• [Task objective]: The output should be every line below, retyped exactly, with no images.

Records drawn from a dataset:
----------------
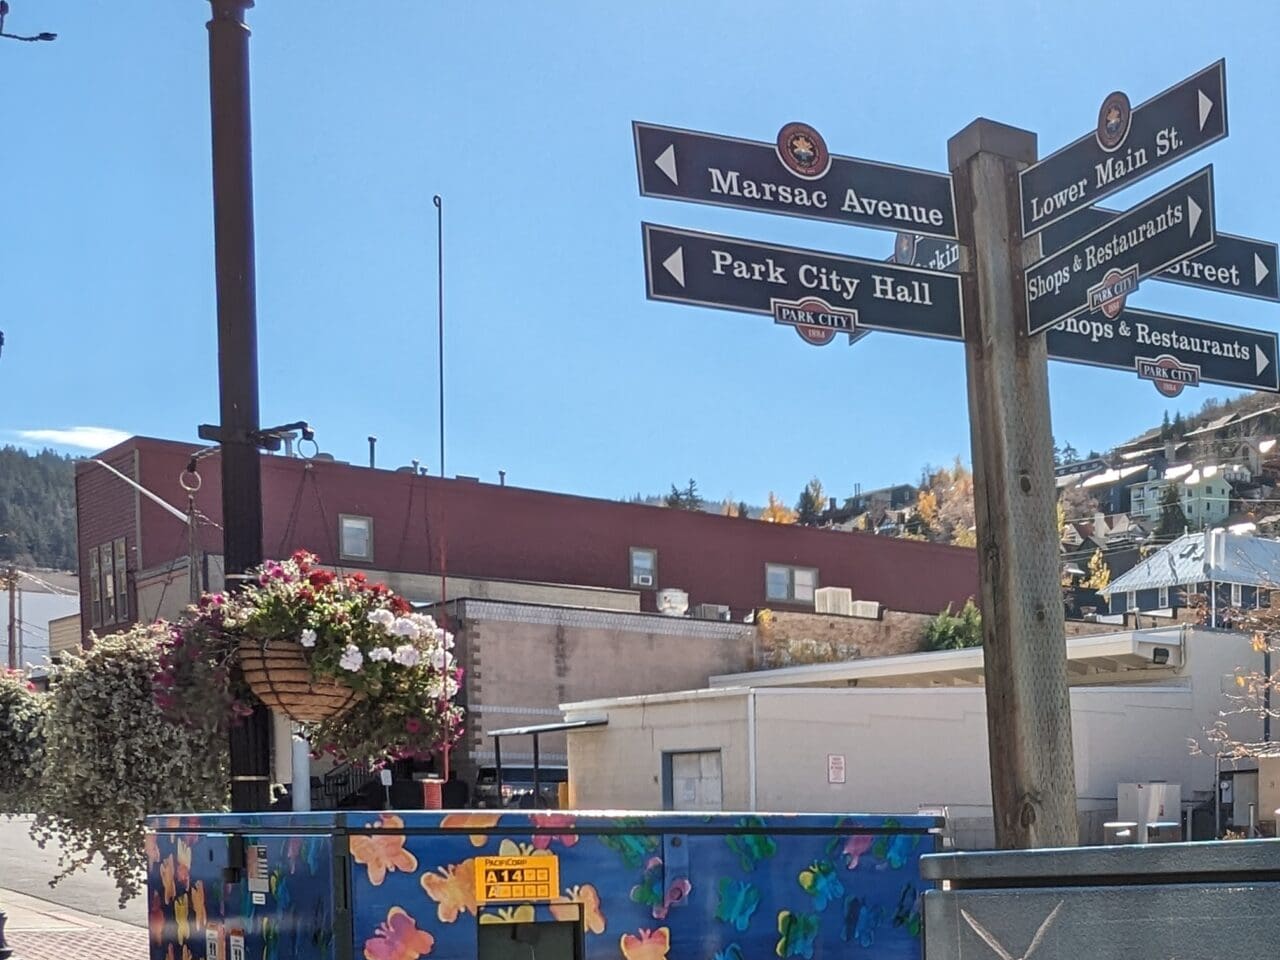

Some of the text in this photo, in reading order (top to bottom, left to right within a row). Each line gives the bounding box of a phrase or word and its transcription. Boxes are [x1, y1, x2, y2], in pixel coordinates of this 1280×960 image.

[1031, 126, 1184, 222] Lower Main St.
[708, 167, 944, 226] Marsac Avenue
[1028, 203, 1183, 301] Shops & Restaurants
[711, 250, 933, 305] Park City Hall
[1093, 275, 1134, 306] PARK CITY
[782, 308, 848, 328] PARK CITY
[1118, 320, 1131, 337] &
[1136, 322, 1250, 360] Restaurants
[1144, 365, 1193, 382] PARK CITY
[487, 869, 522, 883] A14
----------------
• [Solution to this problem]:
Some of the text in this photo, in reading order (top to bottom, left to right within a row). Each line gives the bounding box of a phrase or word and its transcription. Boxes are [x1, y1, x2, y2], in pixel coordinates of this 1280×960 image.

[1031, 126, 1184, 222] Lower Main St.
[708, 167, 944, 226] Marsac Avenue
[1028, 203, 1183, 301] Shops & Restaurants
[711, 250, 933, 305] Park City Hall
[1093, 275, 1134, 306] PARK CITY
[782, 308, 848, 328] PARK CITY
[1118, 320, 1131, 337] &
[1136, 322, 1250, 360] Restaurants
[1144, 365, 1193, 382] PARK CITY
[487, 869, 522, 883] A14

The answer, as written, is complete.